A controversial attempt to get water for irrigation from the Ruataniwha basin in Hawke's Bay is angering many in the rural community.
Eight farms want to take 15 million cubic metres of water out of the local aquifer for extra irrigation.
Water security is the top issue for many in the Central Hawke's Bay district, with some saying the move is all about personal gain and greed.
Tikokino farmer George Williams is one of those upset by the move.
"I just can't believe that they're going ahead with this - they're basically putting hundreds of people's, hundreds of farmers livelihoods at risk of losing stock and household water - for the sake of eight farmers personal gain or greed perhaps."
The creeks on his farm were already bone dry, and bores in the area were far too shallow.
"The taking of any more water out of the aquifer, there's already so many problems with bores not having water, so if you take another 15 million [cubic metres] out of the aquifer to cause issues."
Forest and Bird was against it too, with its Hawke's Bay conservation manager Darren van Hoof saying the situation was already dire.
"There's already a strain on the current water allocation, so what you're doing in essence is putting a further strain on that," he said.
He feared of the effect it could have on animals such as banded dotterel, oyster catches and fish such as eel and dwarf galaxiid.
Some wanted the controversial Ruataniwha dam back on the cards - but Van Hoof said no.
"Well the solution isn't building a dam, a solution is moving away from water-intensive industries, because they're not tenable now and they definitely won't be tenable in the future.''
Duncan Abernathy, the spokesperson for the eight farms making the application, was certain of its benefits.
"From the farmer's perspective, I think it will really help improve the consistency of crop production, and with that, it provides farmers the confidence to spend more money and I think the flow on impacts for the community should be reasonably significant."
He argued if farmers increased production, it put more money into communities.
Those who were opposed should have a careful look at his group's plans, he said.
"I'd encourage them to take a really good look at what's been proposed, it's a bit of a package."
For instance, they did not want to hinder river flows, he said.
"We are planning to actually help the river flows over those sort of summer, dry sort of periods."
Farmer and ex-mayor Tim Gilbertson was against it too.
He claimed the Hawke's Bay Regional Council was steamrolling ahead and allowing it to happen.
"Ever since they kyboshed the Ruataniwha water scheme, they've been desperately sort of searching around for an alternative.

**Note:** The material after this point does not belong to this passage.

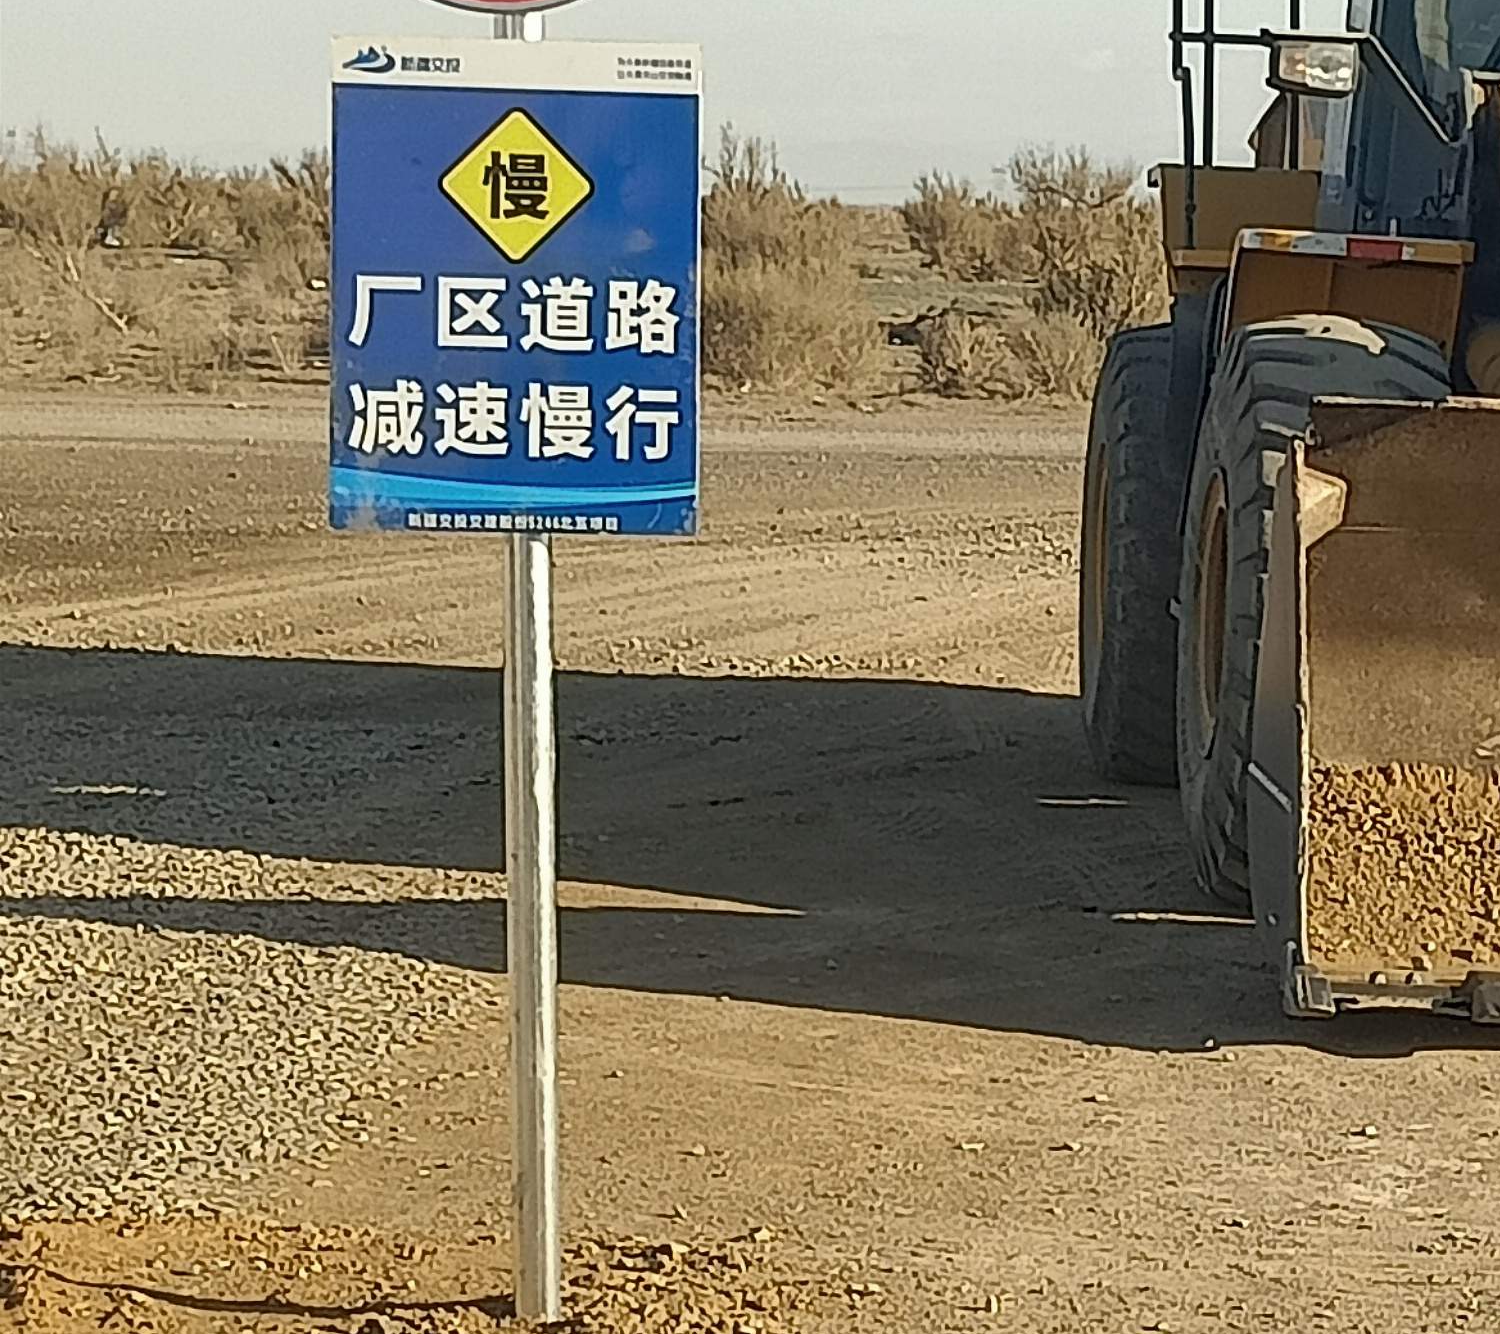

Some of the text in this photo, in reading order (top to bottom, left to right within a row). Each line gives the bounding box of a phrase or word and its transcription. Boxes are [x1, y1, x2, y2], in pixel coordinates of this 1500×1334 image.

[483, 151, 549, 219] 慢
[348, 274, 680, 354] 厂区道路
[348, 379, 679, 460] 减速慢行

And they're effectively floundering, it's ten years since they looked at the Ruataniwha scheme and four or five years since that got abandoned.''
But regional council chief executive James Palmer said that was incorrect.
The situation been put on the council by the Environmental Protection Authority's board of inquiry, which meant they had to follow through.
"We are really doing everything we can to improve water quality in the catchment, and the suggestion that we're simply enabling the situation to be made worse couldn't be further from the truth."
Public submissions on the water take close on Friday at 5pm, then hearings are planned for next year.